## TASK DIRECTIONS
Leaving out the images, transcribe every record below exactly.
+++ RECORDS FOR THE TASK +++
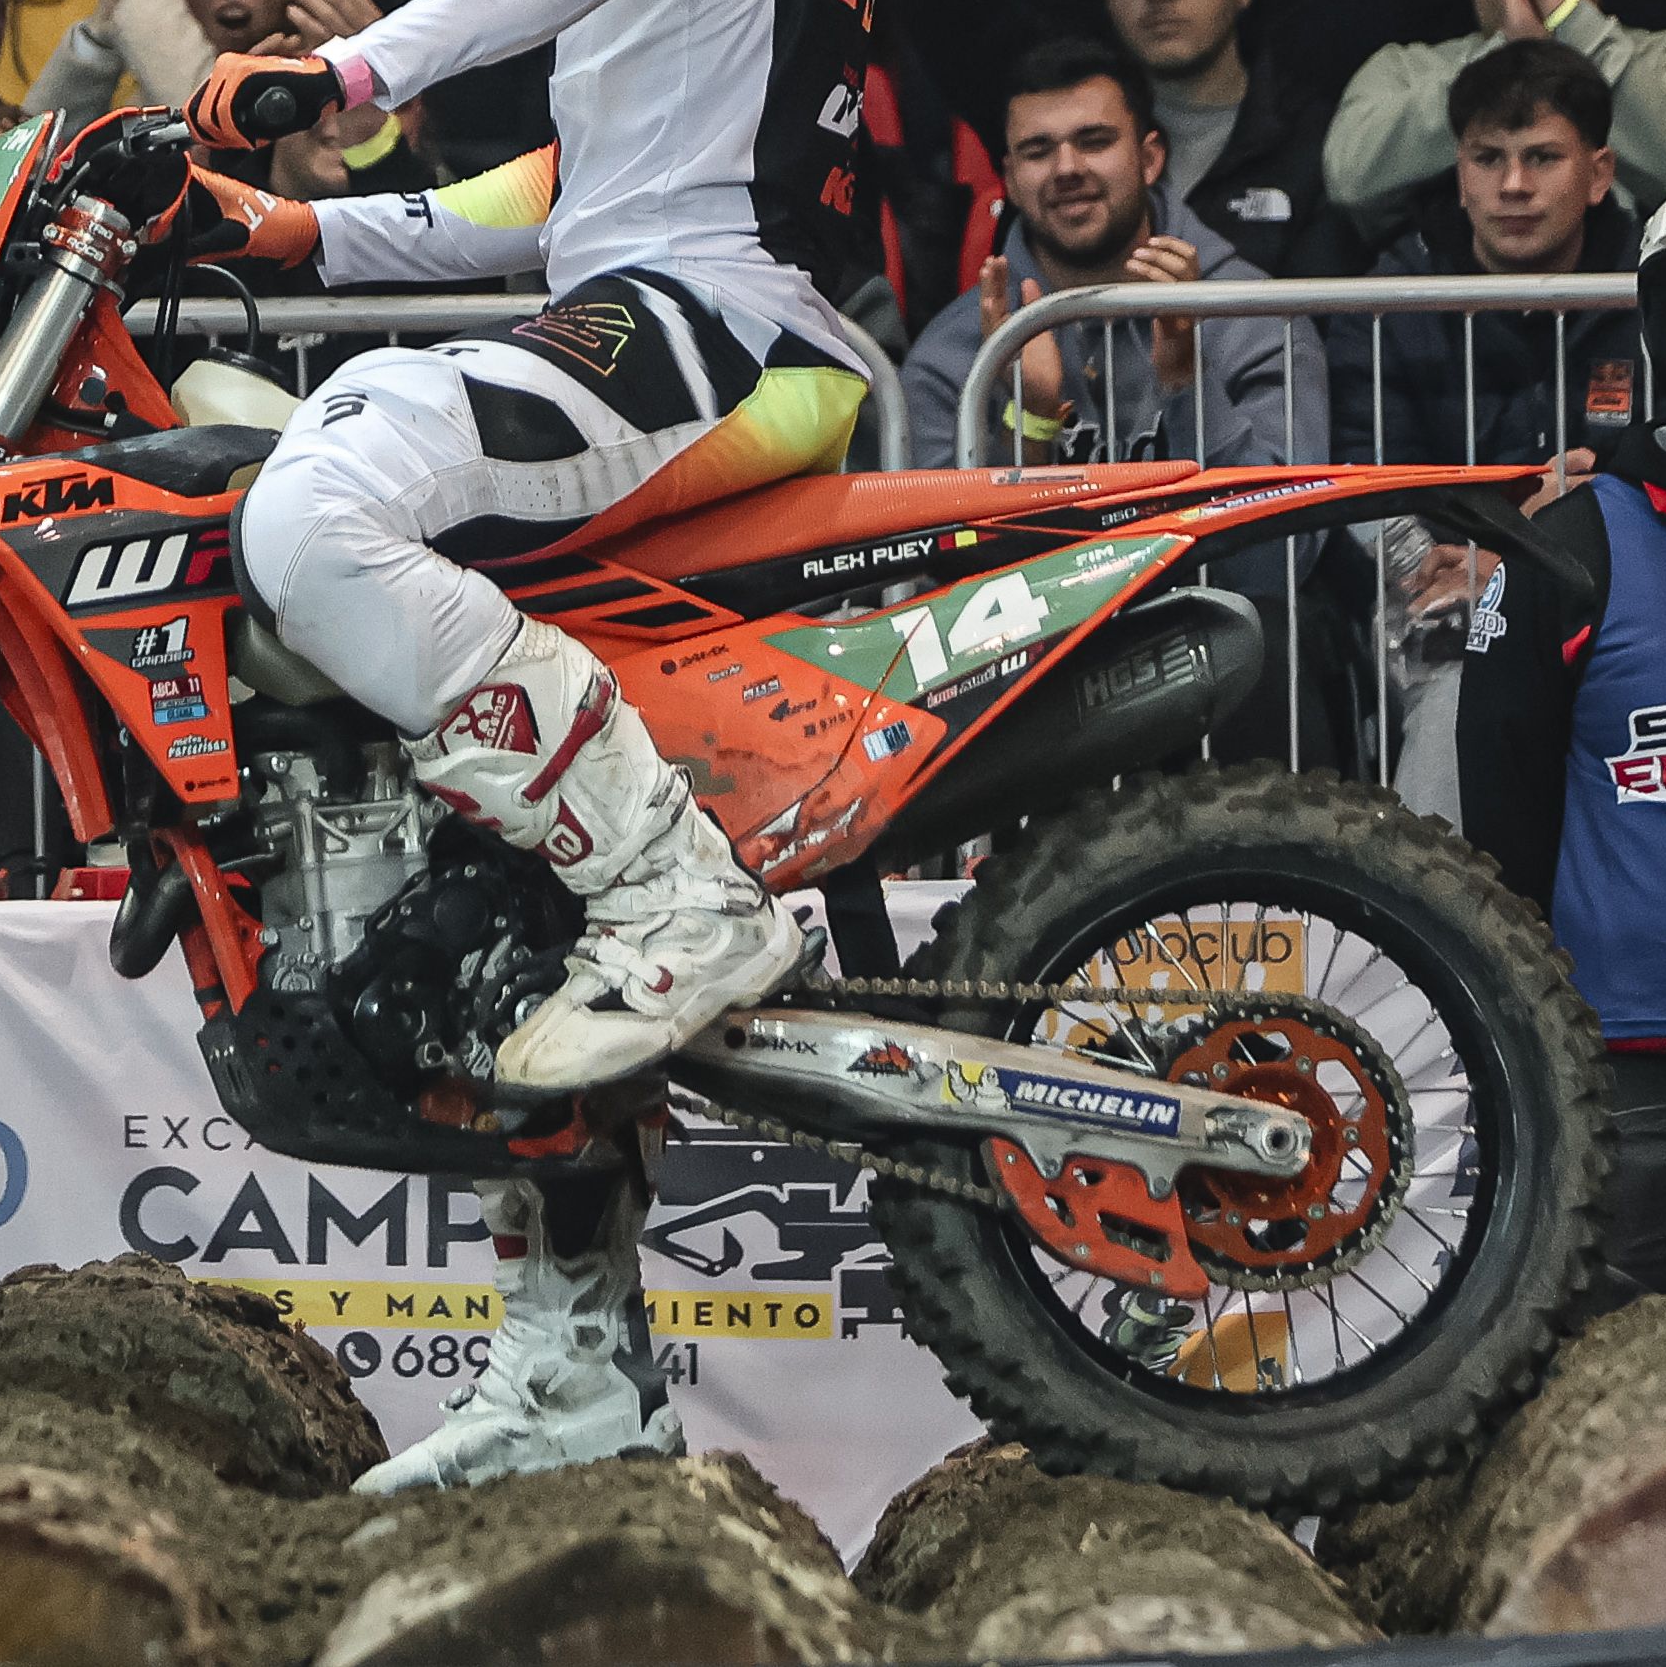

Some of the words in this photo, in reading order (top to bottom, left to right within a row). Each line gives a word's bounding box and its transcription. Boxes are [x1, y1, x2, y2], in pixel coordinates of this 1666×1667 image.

[1, 473, 115, 523] KTM
[872, 537, 933, 565] PUEY
[890, 571, 1050, 684] 14
[1015, 1079, 1176, 1126] MICHELIN
[329, 1290, 351, 1316] Y
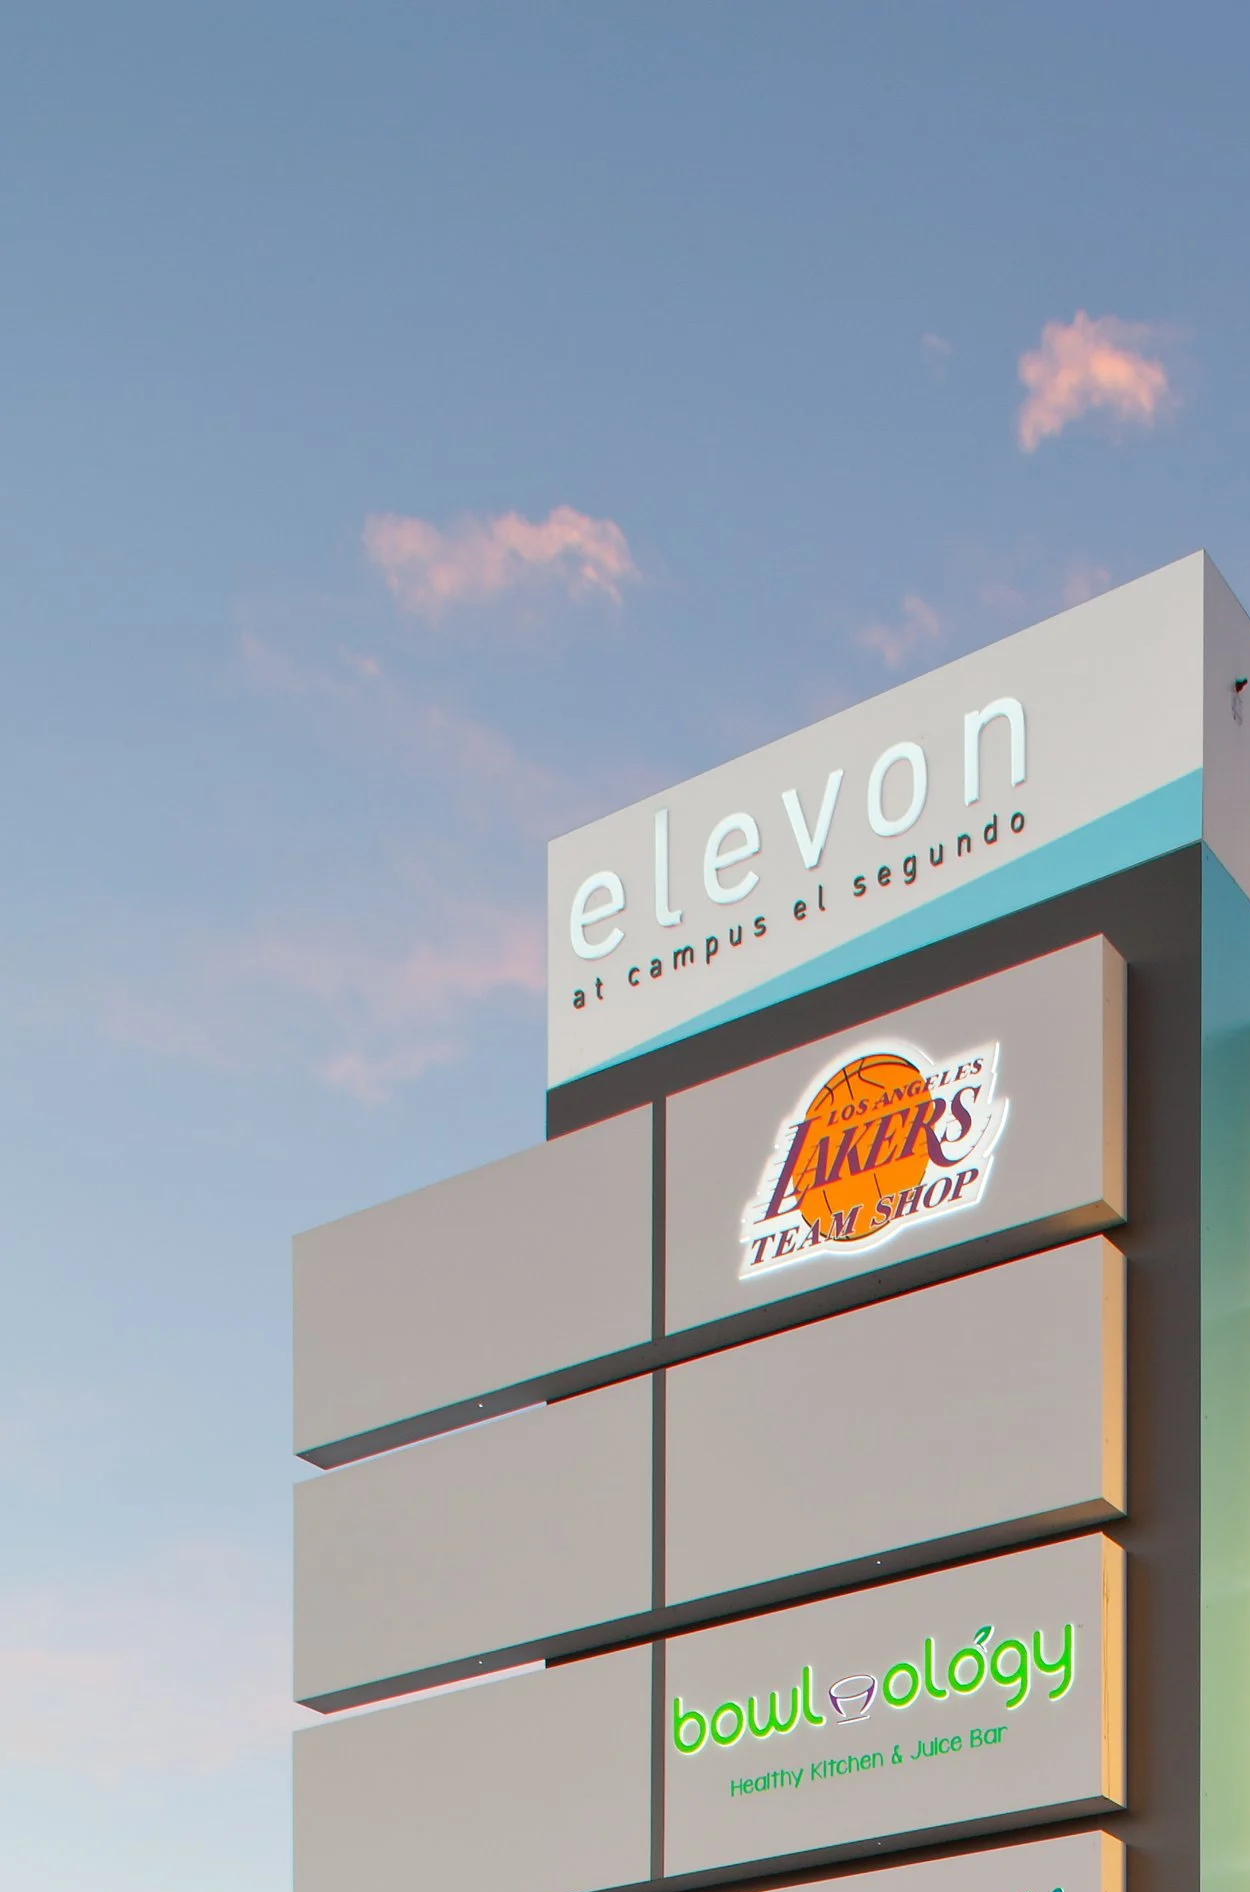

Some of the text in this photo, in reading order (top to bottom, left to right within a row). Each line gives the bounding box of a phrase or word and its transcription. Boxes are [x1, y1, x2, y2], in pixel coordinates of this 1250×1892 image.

[570, 697, 1027, 960] elevon
[573, 810, 1026, 1010] at campus el segundo
[827, 1058, 984, 1126] LOS ANGELES
[754, 1085, 991, 1224] LAKERS
[750, 1168, 979, 1266] TEAM SHOP
[731, 1724, 1008, 1797] Healthy Kitchen & Juice Bar
+++
## ANSWER TO THIS PROBLEM
Some of the words in this photo, in reading order (top to bottom, left to right within a row). Each line gives a word's bounding box and its transcription. Boxes are [x1, y1, x2, y2], in pixel coordinates of this 1666×1667 image.

[1, 473, 115, 523] KTM
[872, 537, 933, 565] PUEY
[890, 571, 1050, 684] 14
[1015, 1079, 1176, 1126] MICHELIN
[329, 1290, 351, 1316] Y

Some of the text in this photo, in reading order (top to bottom, left to right within a row). Each line gives the bounding box of a phrase or word and its transcription. Boxes are [x1, y1, x2, y2], in pixel coordinates of this 1250×1892 image.

[570, 697, 1027, 960] elevon
[573, 810, 1026, 1010] at campus el segundo
[827, 1058, 984, 1126] LOS ANGELES
[754, 1085, 991, 1224] LAKERS
[750, 1168, 979, 1266] TEAM SHOP
[731, 1724, 1008, 1797] Healthy Kitchen & Juice Bar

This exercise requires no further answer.